Placement Optimization of Aerial Base Stations with Deep Reinforcement Learning
Qiu, Jin, Lyu, Jiangbin, Fu, Liqun
Unmanned aerial vehicles (UAVs) can be utilized as aerial base stations (ABSs) to assist terrestrial infrastructure for keeping wireless connectivity in various emergency scenarios. To maximize the coverage rate of N ground users (GUs) by jointly placing multiple ABSs with limited coverage range is known to be a NP-hard problem with exponential complexity in N. The problem is further complicated when the coverage range becomes irregular due to site-specific blockage (e.g., buildings) on the air-ground channel in the 3-dimensional (3D) space. To tackle this challenging problem, this paper applies the Deep Reinforcement Learning (DRL) method by 1) representing the state by a coverage bitmap to capture the spatial correlation of GUs/ABSs, whose dimension and associated neural network complexity is invariant with arbitrarily large N; and 2) designing the action and reward for the DRL agent to effectively learn from the dynamic interactions with the complicated propagation environment represented by a 3D Terrain Map.
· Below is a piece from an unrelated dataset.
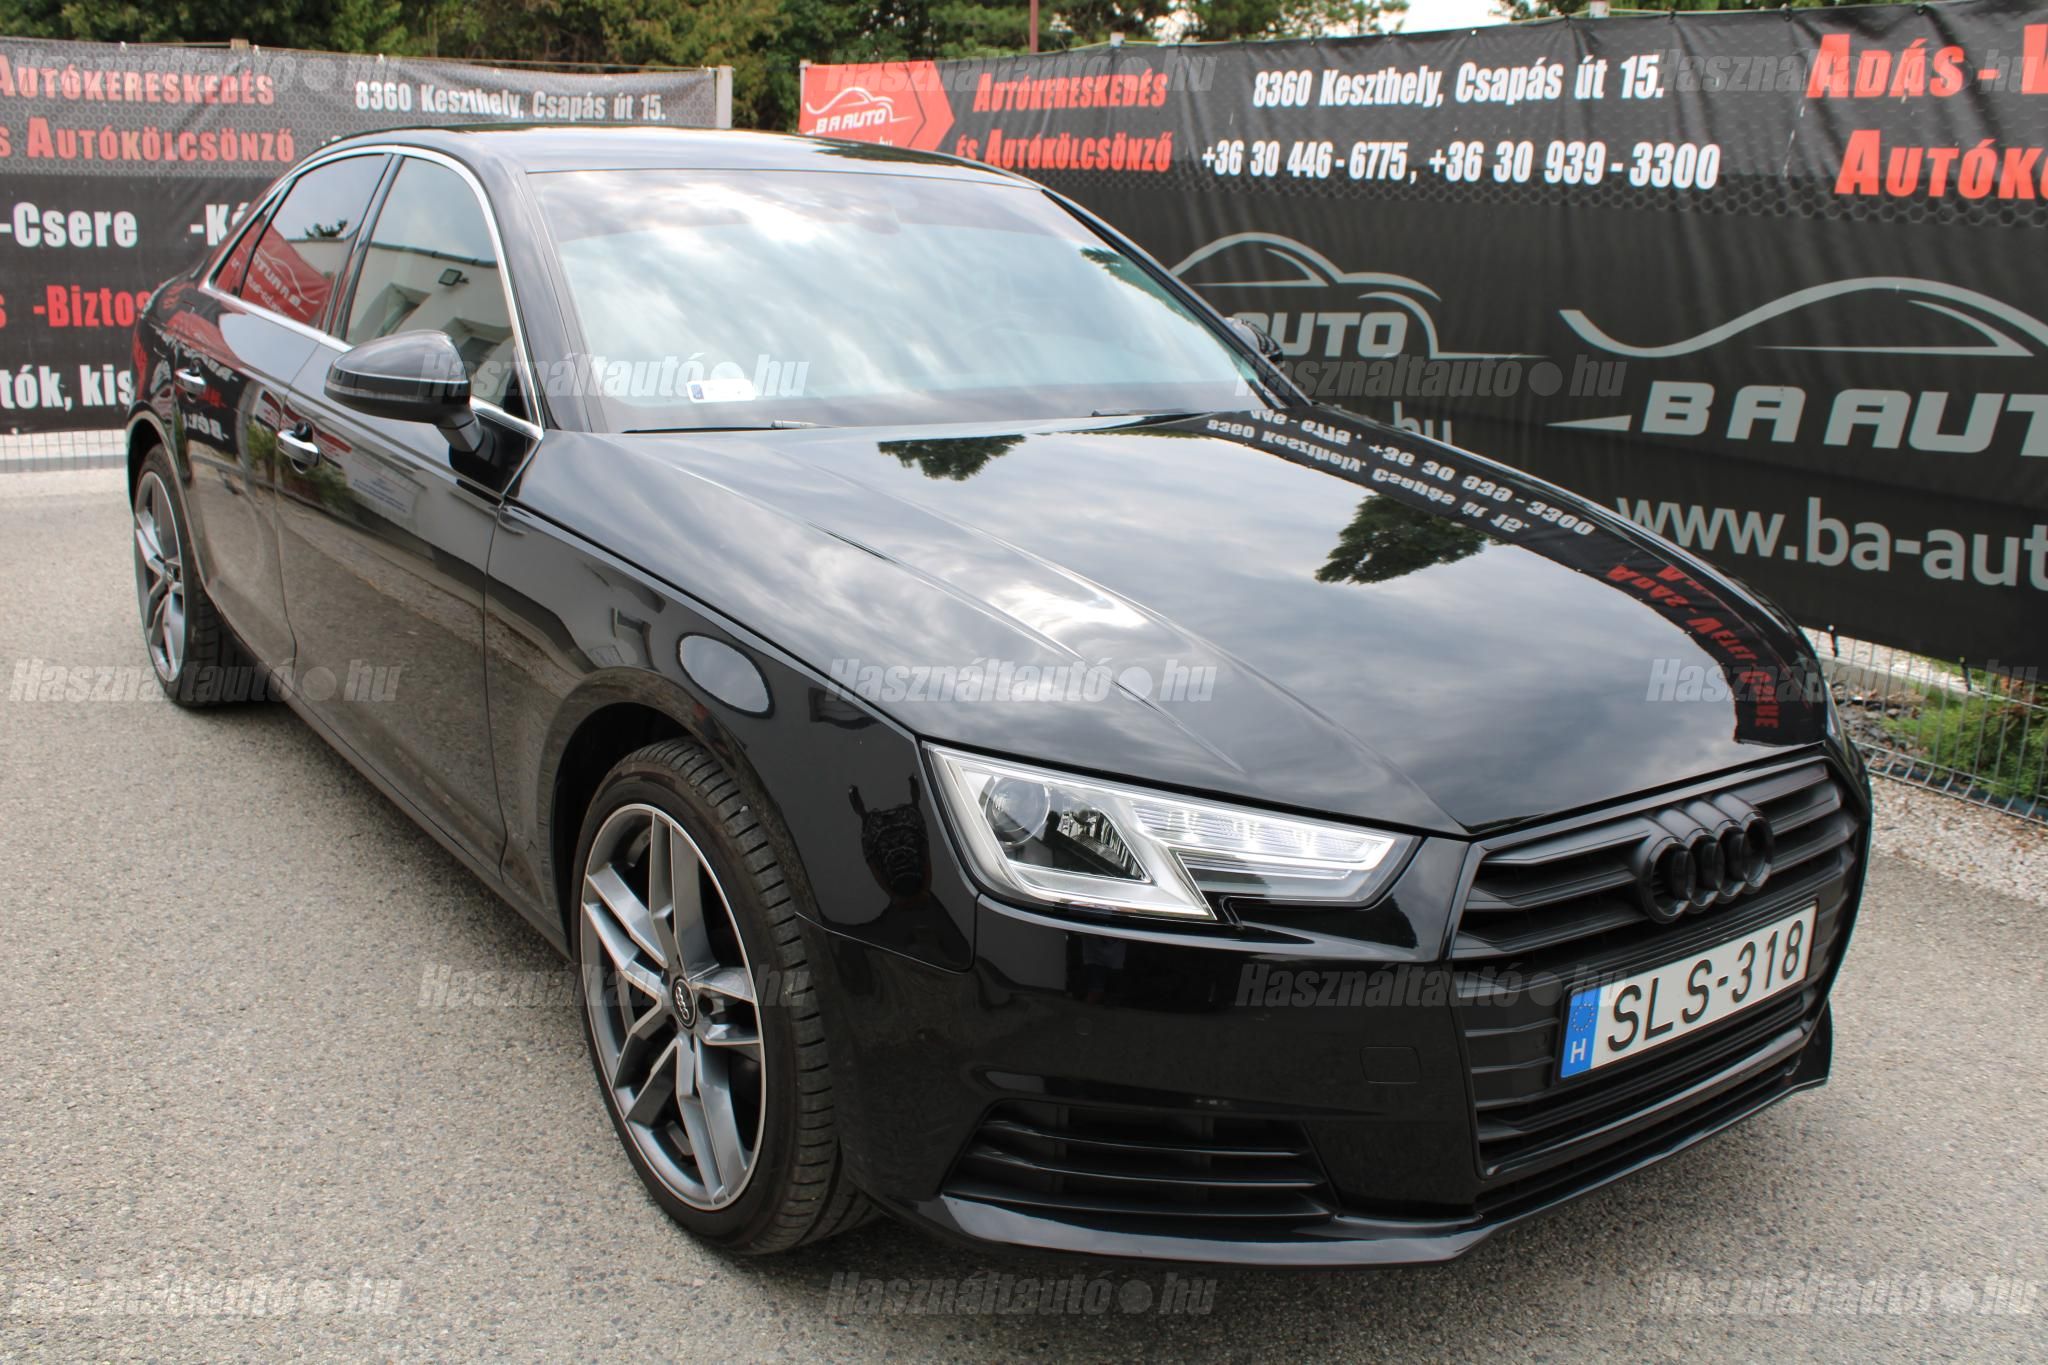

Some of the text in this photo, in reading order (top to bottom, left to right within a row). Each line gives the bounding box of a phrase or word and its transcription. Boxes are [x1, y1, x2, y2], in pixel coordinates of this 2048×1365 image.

Specifically, a novel two-level design approach is proposed, consisting of a preliminary design based on the dominant line-of-sight (LoS) channel model, and an advanced design to further refine the ABS positions based on site-specific LoS/non-LoS channel states. The double deep Q-network (DQN) with Prioritized Experience Replay (Prioritized Replay DDQN) algorithm is applied to train the policy of multi-ABS placement decision. Numerical results show that the proposed approach significantly improves the coverage rate in complex environment, compared to the benchmark DQN and K-means algorithms.